Her letter writing was legendary - she was the Keith Flett of her day, pouring out a constant stream of letters to the world's English-language press. In much of this she had her husband's support. As the horror of Vietnam gradually became more apparent he took a grim pleasure in attacking the Vietnam War in The Times and signing his letters "Brigadier Retd". While opposed to the proliferation of nuclear weapons, he drew the line at the Aldermaston March his wife and daughter insisted on attending. "But," she explained to him happily on her return from the second one, "you meet such a nice class of person on the Aldermaston March."

As well as writing Delf travelled for pleasure and peace, invariably mixing both activities to the bewilderment of Iron Curtain apparatchiks and indeed officialdom everywhere. As a grandmother, she felt fervently that her grandchildren should have a world to inherit. The women she met tended to be apolitically conservative and she set out to change this in Britain and world-wide. Through Russia, Poland, East Germany, Sweden, China, America, Italy, Portugal, France and Greece she travelled, lectured and made lifelong friends, solving the language problem with drawings and occasional lapses into Urdu.

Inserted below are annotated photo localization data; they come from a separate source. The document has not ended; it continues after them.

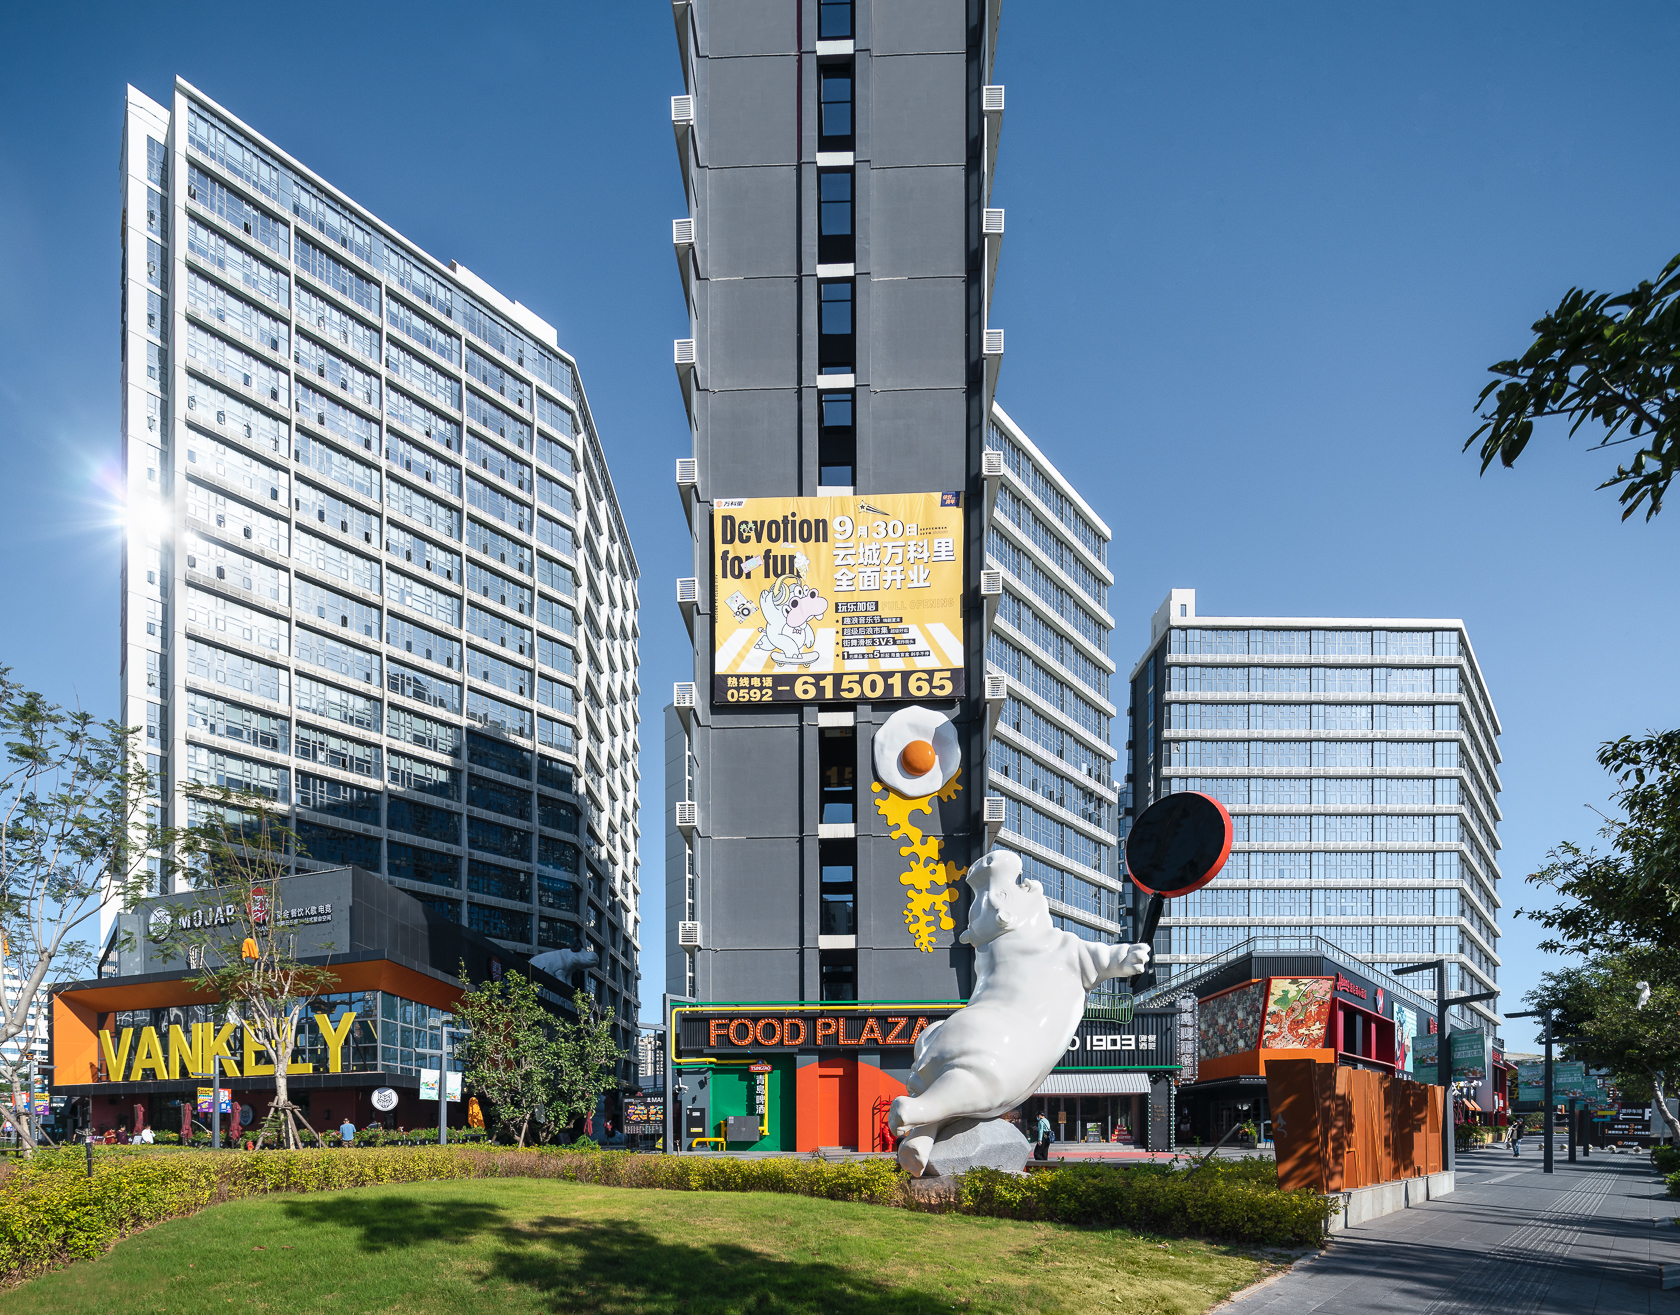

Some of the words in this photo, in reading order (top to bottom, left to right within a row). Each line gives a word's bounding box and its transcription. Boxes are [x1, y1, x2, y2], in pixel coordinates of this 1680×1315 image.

[721, 511, 829, 545] Devotion
[833, 537, 956, 567] 云城万科里
[833, 564, 931, 592] 全面开业
[837, 601, 876, 613] 玩乐加倍
[909, 598, 955, 610] OPENING
[727, 676, 773, 687] 热线电话
[727, 688, 773, 702] 0592
[709, 1017, 807, 1046] FOOD
[1086, 1034, 1136, 1051] 1903
[756, 1074, 766, 1115] 青岛啤酒

Oddly for an army officer's wife she never really understood rank and hated any authority apart from her own. "Authoritarian anarchist" was a phrase used by both friend and foe about her attitudes. In particular she virulently opposed racism and applauded its opponents. She was delighted by the release of Nelson Mandela and in her last months, crippled and chairbound, she insisted on being wheeled past a hall portrait of Nelson Mandela so she could formally bid goodnight to the man she had written to so often on Robben Island.

A veteran of Greenham Common and protests in Grosvenor Square, she gradually withdrew from demonstrations and lecture tours as age took its toll. She concentrated instead on letter-writing and on the art gallery she had set up, with the help of Julian Trevelyan and Mary Fedden, in the grounds of her Suffolk home in the early Sixties. A number of successful artists exhibited there and many more, among them John Piper, Henry Holzer, Keith Grant, Ian Simpson, donated pictures for the causes like Medical Aid for Vietnam that she supported.

There will be a retrospective of her pictures and some memorabilia at the Yoxford Gallery, starting on 9 May with a celebration of her life and the scattering of her ashes in the garden she loved.

Vera Eleanor Hart, painter and peace campaigner: born Cawnpore, India 17 August 1904; married 1929 Charles Delf (died 1981; one son; two daughters); died Yoxford, Suffolk 26 February 1999.